#### Your goal:
All entries must be set down once more, precisely as given.

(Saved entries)
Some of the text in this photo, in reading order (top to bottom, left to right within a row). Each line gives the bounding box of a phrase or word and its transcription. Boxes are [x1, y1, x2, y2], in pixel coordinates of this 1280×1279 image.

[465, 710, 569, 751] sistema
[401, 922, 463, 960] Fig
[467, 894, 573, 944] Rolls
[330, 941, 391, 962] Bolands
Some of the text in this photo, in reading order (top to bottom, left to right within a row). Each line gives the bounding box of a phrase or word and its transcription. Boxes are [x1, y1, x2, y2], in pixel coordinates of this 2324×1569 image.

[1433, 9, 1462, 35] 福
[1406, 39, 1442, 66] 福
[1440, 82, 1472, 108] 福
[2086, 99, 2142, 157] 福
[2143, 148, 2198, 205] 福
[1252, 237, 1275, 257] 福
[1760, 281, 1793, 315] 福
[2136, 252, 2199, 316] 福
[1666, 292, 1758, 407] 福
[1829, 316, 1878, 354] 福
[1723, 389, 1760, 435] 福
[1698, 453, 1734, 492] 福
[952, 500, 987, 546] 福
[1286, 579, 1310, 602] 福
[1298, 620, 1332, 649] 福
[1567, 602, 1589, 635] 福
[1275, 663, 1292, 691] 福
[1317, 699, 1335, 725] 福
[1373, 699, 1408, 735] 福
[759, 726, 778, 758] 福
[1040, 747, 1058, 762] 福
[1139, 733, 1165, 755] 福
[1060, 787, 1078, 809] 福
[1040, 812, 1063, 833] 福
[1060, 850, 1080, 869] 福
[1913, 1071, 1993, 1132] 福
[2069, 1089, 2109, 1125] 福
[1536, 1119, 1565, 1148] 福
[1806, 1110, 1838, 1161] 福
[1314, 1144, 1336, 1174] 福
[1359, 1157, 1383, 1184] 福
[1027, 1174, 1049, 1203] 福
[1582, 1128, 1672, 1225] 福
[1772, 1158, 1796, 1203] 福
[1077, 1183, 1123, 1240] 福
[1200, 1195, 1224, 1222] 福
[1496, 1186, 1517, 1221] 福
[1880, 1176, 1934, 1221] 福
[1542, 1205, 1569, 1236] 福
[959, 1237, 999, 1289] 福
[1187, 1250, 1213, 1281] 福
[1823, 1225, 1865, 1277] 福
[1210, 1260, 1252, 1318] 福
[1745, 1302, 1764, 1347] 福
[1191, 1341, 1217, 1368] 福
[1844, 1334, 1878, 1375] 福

#### The answer:
Some of the text in this photo, in reading order (top to bottom, left to right within a row). Each line gives the bounding box of a phrase or word and its transcription. Boxes are [x1, y1, x2, y2], in pixel coordinates of this 1280×1279 image.

[465, 710, 569, 751] sistema
[401, 922, 463, 960] Fig
[467, 894, 573, 944] Rolls
[330, 941, 391, 962] Bolands
Some of the text in this photo, in reading order (top to bottom, left to right within a row). Each line gives the bounding box of a phrase or word and its transcription. Boxes are [x1, y1, x2, y2], in pixel coordinates of this 2324×1569 image.

[1433, 9, 1462, 35] 福
[1406, 39, 1442, 66] 福
[1440, 82, 1472, 108] 福
[2086, 99, 2142, 157] 福
[2143, 148, 2198, 205] 福
[1252, 237, 1275, 257] 福
[1760, 281, 1793, 315] 福
[2136, 252, 2199, 316] 福
[1666, 292, 1758, 407] 福
[1829, 316, 1878, 354] 福
[1723, 389, 1760, 435] 福
[1698, 453, 1734, 492] 福
[952, 500, 987, 546] 福
[1286, 579, 1310, 602] 福
[1298, 620, 1332, 649] 福
[1567, 602, 1589, 635] 福
[1275, 663, 1292, 691] 福
[1317, 699, 1335, 725] 福
[1373, 699, 1408, 735] 福
[759, 726, 778, 758] 福
[1040, 747, 1058, 762] 福
[1139, 733, 1165, 755] 福
[1060, 787, 1078, 809] 福
[1040, 812, 1063, 833] 福
[1060, 850, 1080, 869] 福
[1913, 1071, 1993, 1132] 福
[2069, 1089, 2109, 1125] 福
[1536, 1119, 1565, 1148] 福
[1806, 1110, 1838, 1161] 福
[1314, 1144, 1336, 1174] 福
[1359, 1157, 1383, 1184] 福
[1027, 1174, 1049, 1203] 福
[1582, 1128, 1672, 1225] 福
[1772, 1158, 1796, 1203] 福
[1077, 1183, 1123, 1240] 福
[1200, 1195, 1224, 1222] 福
[1496, 1186, 1517, 1221] 福
[1880, 1176, 1934, 1221] 福
[1542, 1205, 1569, 1236] 福
[959, 1237, 999, 1289] 福
[1187, 1250, 1213, 1281] 福
[1823, 1225, 1865, 1277] 福
[1210, 1260, 1252, 1318] 福
[1745, 1302, 1764, 1347] 福
[1191, 1341, 1217, 1368] 福
[1844, 1334, 1878, 1375] 福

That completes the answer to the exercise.